(RECORDED DATA)

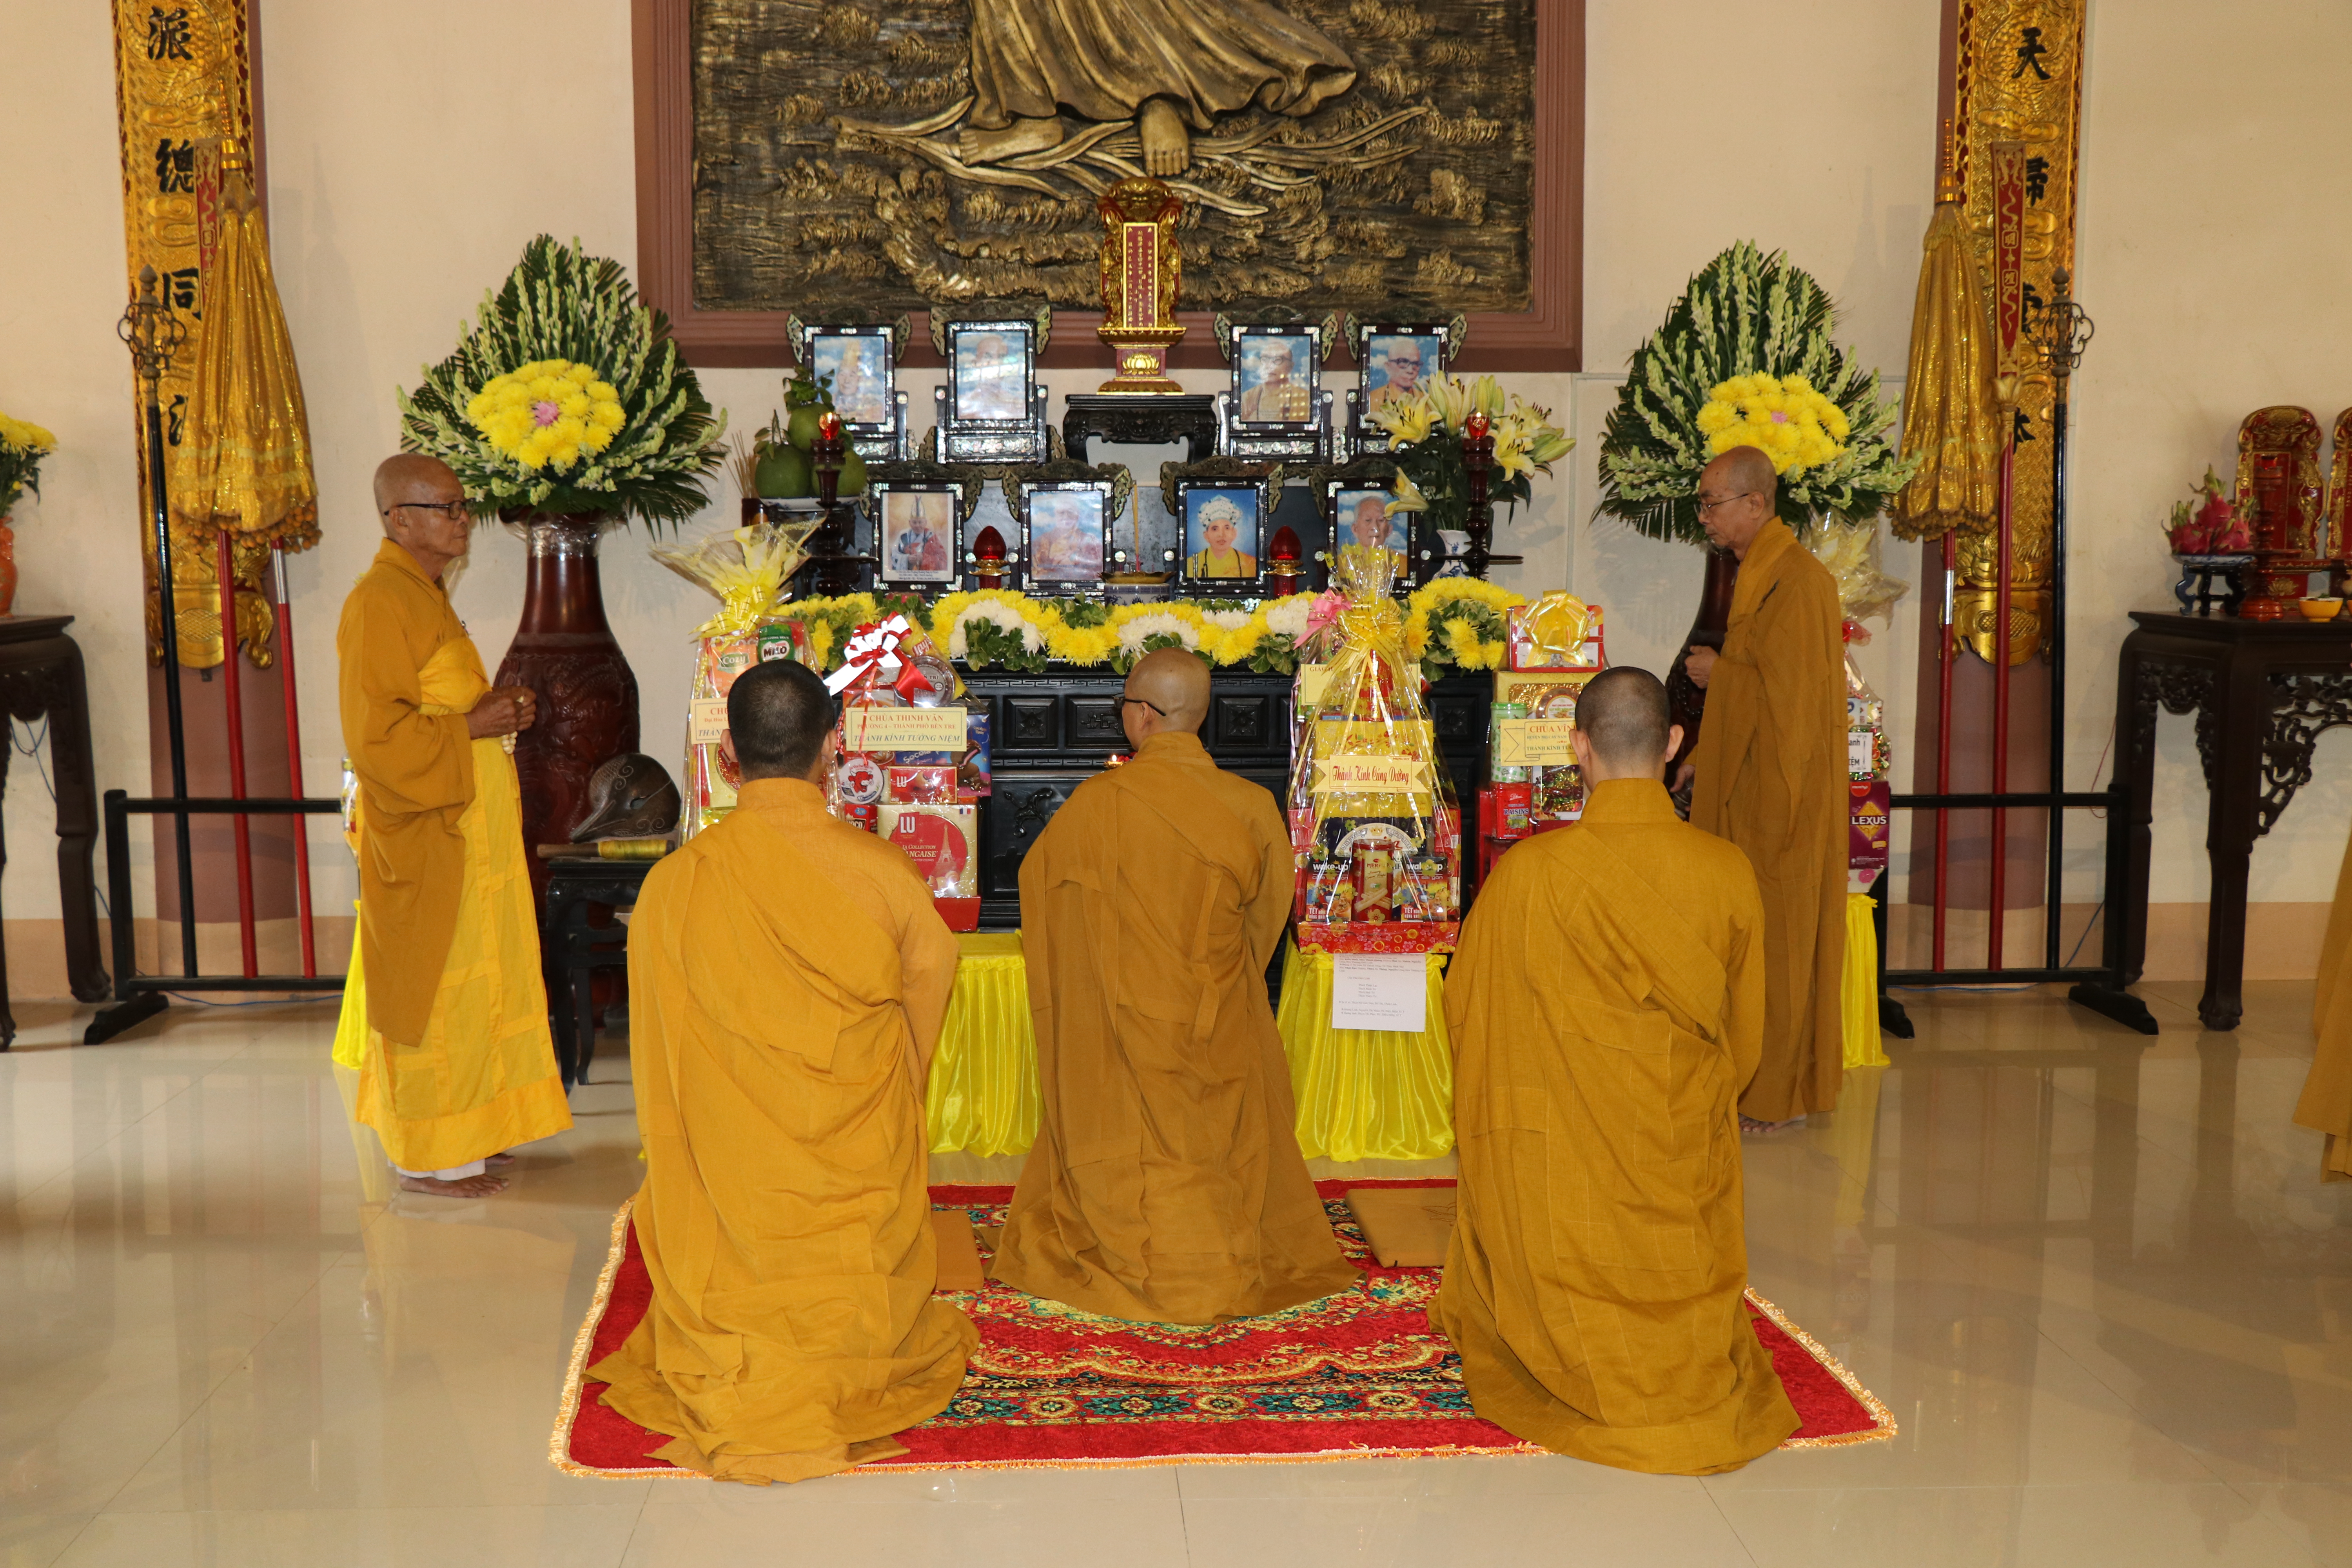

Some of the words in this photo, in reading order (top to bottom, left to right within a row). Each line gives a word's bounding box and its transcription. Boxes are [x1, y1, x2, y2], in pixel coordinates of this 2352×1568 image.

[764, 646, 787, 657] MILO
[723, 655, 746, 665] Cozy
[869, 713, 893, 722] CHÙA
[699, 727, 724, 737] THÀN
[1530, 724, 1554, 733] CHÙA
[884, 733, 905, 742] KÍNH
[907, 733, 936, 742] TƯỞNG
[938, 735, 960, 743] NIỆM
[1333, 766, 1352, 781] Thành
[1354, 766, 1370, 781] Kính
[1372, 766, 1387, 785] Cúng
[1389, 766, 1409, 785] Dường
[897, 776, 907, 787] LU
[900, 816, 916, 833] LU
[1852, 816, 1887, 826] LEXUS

(End RECORDED DATA)

- TASK GOAL:
Here the job is to print all the entries above exactly, minus the images.

- EXERCISE RESULT:
Some of the words in this photo, in reading order (top to bottom, left to right within a row). Each line gives a word's bounding box and its transcription. Boxes are [x1, y1, x2, y2], in pixel coordinates of this 2352×1568 image.

[764, 646, 787, 657] MILO
[723, 655, 746, 665] Cozy
[869, 713, 893, 722] CHÙA
[699, 727, 724, 737] THÀN
[1530, 724, 1554, 733] CHÙA
[884, 733, 905, 742] KÍNH
[907, 733, 936, 742] TƯỞNG
[938, 735, 960, 743] NIỆM
[1333, 766, 1352, 781] Thành
[1354, 766, 1370, 781] Kính
[1372, 766, 1387, 785] Cúng
[1389, 766, 1409, 785] Dường
[897, 776, 907, 787] LU
[900, 816, 916, 833] LU
[1852, 816, 1887, 826] LEXUS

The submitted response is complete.